> **Data for review**:
________
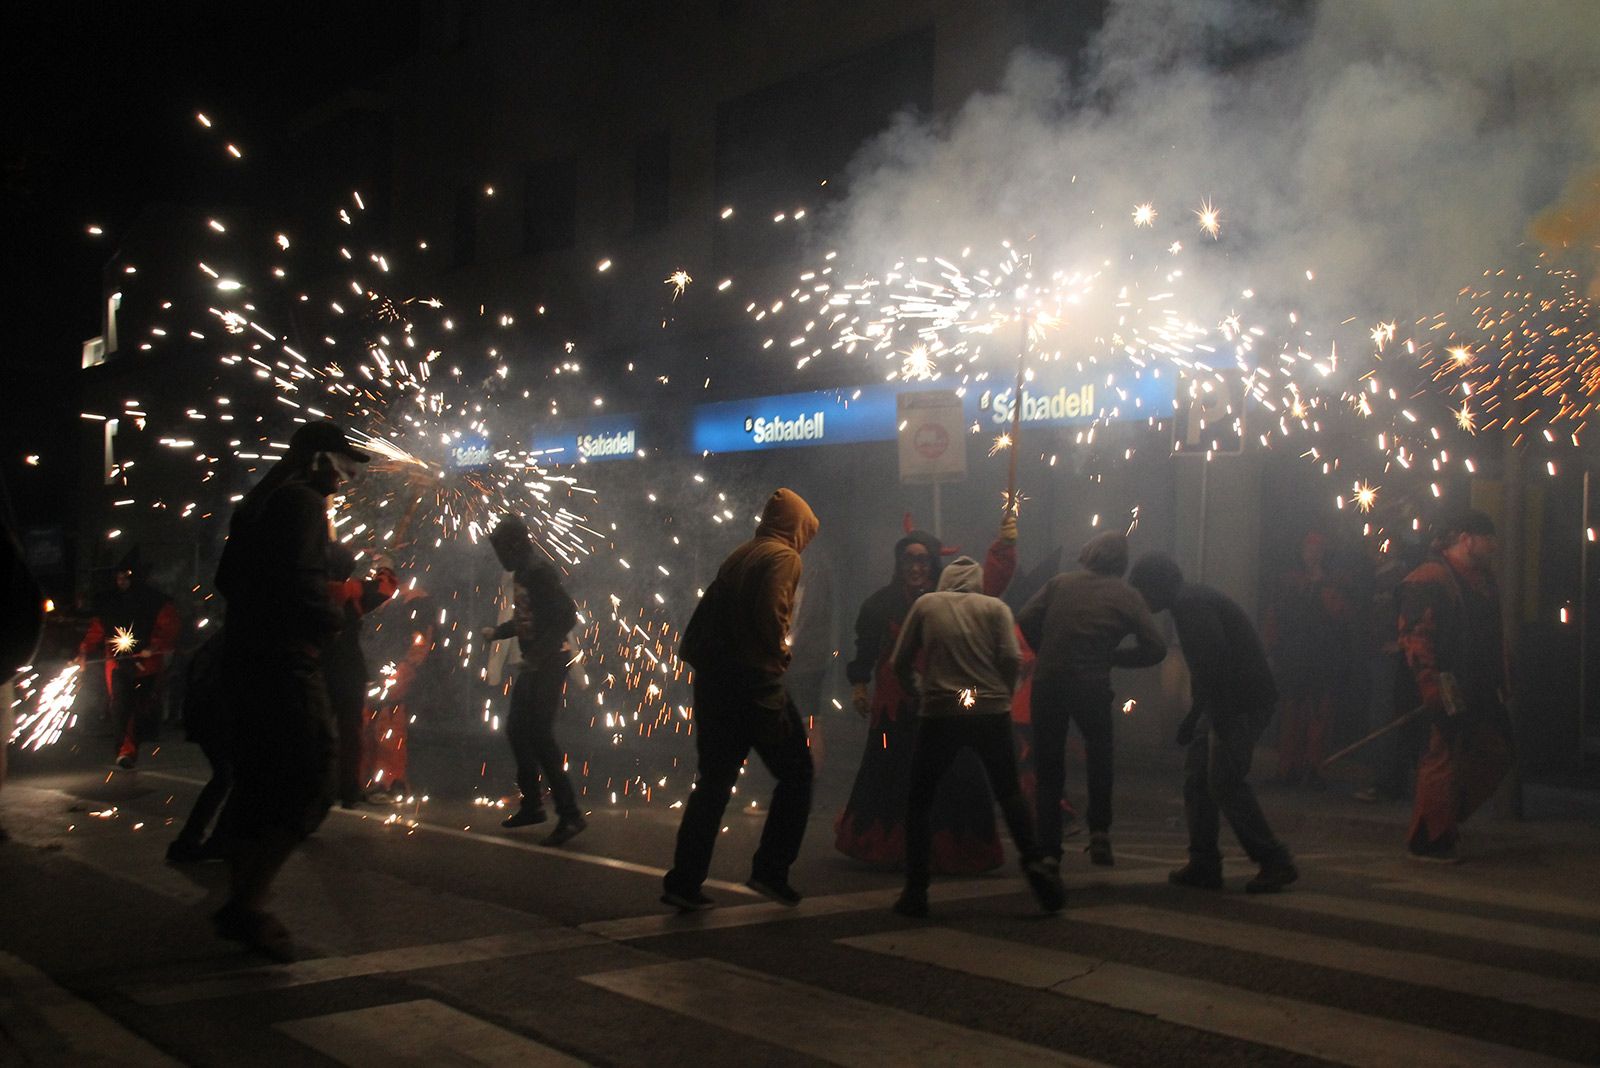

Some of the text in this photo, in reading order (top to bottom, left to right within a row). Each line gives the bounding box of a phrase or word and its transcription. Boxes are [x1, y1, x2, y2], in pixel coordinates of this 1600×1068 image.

[992, 384, 1094, 424] Sabadell
[1187, 378, 1230, 445] P
[583, 429, 635, 457] Sabadell
[753, 411, 824, 443] Sabadell
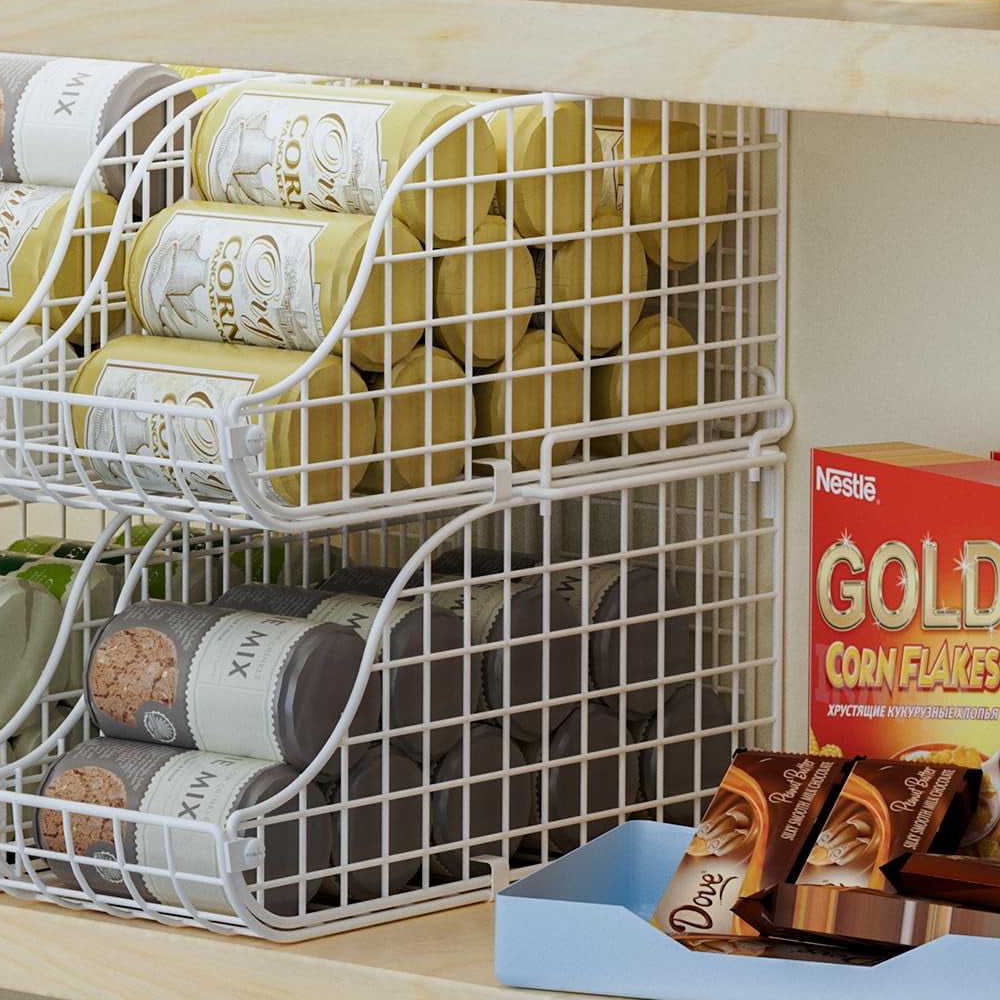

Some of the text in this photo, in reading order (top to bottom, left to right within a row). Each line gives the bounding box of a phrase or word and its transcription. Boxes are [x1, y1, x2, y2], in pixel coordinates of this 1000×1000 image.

[54, 71, 92, 117] MIX
[816, 540, 1000, 631] GOLD
[228, 629, 268, 679] MIX
[825, 640, 1000, 693] CORN FLAKES
[827, 703, 1000, 720] ХРУСТЯЩИЕ КУКУРУЗНЫЕ ХЛОПЬЯ
[177, 771, 218, 820] MIX
[768, 758, 815, 804] Peanut Butter
[780, 761, 834, 841] SILKY SMOOTH MILK CHOCOLATE
[890, 766, 936, 812] Peanut Butter
[903, 769, 956, 850] SILKY SMOOTH MILK CHOCOLATE
[669, 872, 722, 933] Dove
________
> **Assignment**:
Could you write out, exactly as given, the lines from the one holding "this 1000×1000 image." through the end of the listing, and nothing else?

> **Exercise solution**:
Some of the text in this photo, in reading order (top to bottom, left to right within a row). Each line gives the bounding box of a phrase or word and its transcription. Boxes are [x1, y1, x2, y2], in pixel coordinates of this 1000×1000 image.

[54, 71, 92, 117] MIX
[816, 540, 1000, 631] GOLD
[228, 629, 268, 679] MIX
[825, 640, 1000, 693] CORN FLAKES
[827, 703, 1000, 720] ХРУСТЯЩИЕ КУКУРУЗНЫЕ ХЛОПЬЯ
[177, 771, 218, 820] MIX
[768, 758, 815, 804] Peanut Butter
[780, 761, 834, 841] SILKY SMOOTH MILK CHOCOLATE
[890, 766, 936, 812] Peanut Butter
[903, 769, 956, 850] SILKY SMOOTH MILK CHOCOLATE
[669, 872, 722, 933] Dove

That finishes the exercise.